Railroad route in the United States

The Northern Transcon, a route operated by the BNSF Railway, traverses the most northerly route of any railroad in the western United States. This route was originally part of the Chicago, Burlington and Quincy Railroad, Northern Pacific Railway, Great Northern Railway and Spokane, Portland and Seattle Railway systems, merged into the Burlington Northern Railroad system in 1970.

==Route==
The route starts at Chicago and runs west across northern Illinois to the Mississippi River. It follows the eastern shore of the river through La Crosse and Prairie du Chien, Wisconsin before turning west again in Minneapolis and St. Paul, Minnesota to Casselton, North Dakota. From Casselton the route runs northwest to Minot, North Dakota, then west through Montana and Idaho to Spokane, Washington.

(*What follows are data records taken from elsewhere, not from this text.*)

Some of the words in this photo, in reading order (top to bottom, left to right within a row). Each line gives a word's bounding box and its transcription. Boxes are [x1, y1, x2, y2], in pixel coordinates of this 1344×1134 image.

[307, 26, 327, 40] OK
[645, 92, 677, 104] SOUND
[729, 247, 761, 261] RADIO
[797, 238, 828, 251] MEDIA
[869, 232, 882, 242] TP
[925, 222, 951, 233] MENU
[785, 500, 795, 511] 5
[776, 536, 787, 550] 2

In Montana, the line passes the East Gate of Glacier National Park and crosses the Two Medicine River on a high trestle. From East Glacier Park, Montana, the route continues ascending until it crests the Continental Divide at the summit of Marias Pass. The line descends down the west side of the pass for 20 mi to Essex, Montana, running mostly double track on a narrow shelf, and crossing several high trestles over the Flathead River. Essex is home to the Izaak Walton Inn, which was constructed when the line was built to shelter railroad employees during the winter months. It also contains a small railyard used to store helper engines, which are used to supply additional power to freight trains crossing Marias Pass. Prior to the invention of the powerful diesel locomotives used today, longer trains often had to be split in order to make it up the pass.

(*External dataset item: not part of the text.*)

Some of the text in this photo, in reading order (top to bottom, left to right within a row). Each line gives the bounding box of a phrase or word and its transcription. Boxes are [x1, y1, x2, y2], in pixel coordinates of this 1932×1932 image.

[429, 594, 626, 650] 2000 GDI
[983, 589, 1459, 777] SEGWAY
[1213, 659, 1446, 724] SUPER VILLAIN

From Essex, the line follows the Flathead River valley to Whitefish, Montana. Located in Whitefish is a restored passenger depot/museum (also serving Amtrak). The line continues northwest to Stryker, Montana, then turns south and passes through the 7 mi Flathead Tunnel as it runs west toward Sandpoint, Idaho. The line leaves the Rocky Mountains after Athol, Idaho and reaches Spokane, Washington.

At Spokane the route splits into two, with one line going to Seattle, Washington and the other to Portland, Oregon.

The two longest railroad tunnels in the country are along the Northern Transcon: the Flathead Tunnel through the Rocky Mountains in Montana and the new Cascade Tunnel through the Cascade Mountains in Washington.

From St. Paul to the West Coast, this is basically the route of Amtrak's Empire Builder. But the Builder turns north in Fargo onto a BNSF secondary line to reach Grand Forks, North Dakota, while the Northern Transcon heads directly toward Minot. The Builder rejoins the Transcon main route at Minot and continues on to Seattle, though a section branches off to serve Portland, Oregon. BNSF also owns trackage with running rights in Winnipeg, Manitoba, Canada, where it has a yard operated by a switch unit and full crew. The track is maintained by a small track crew.

===Historical alignments in Montana===
The portion of the Northern Transcon line from Columbia Falls to Libby, Montana has been significantly rerouted twice since its initial construction in 1892.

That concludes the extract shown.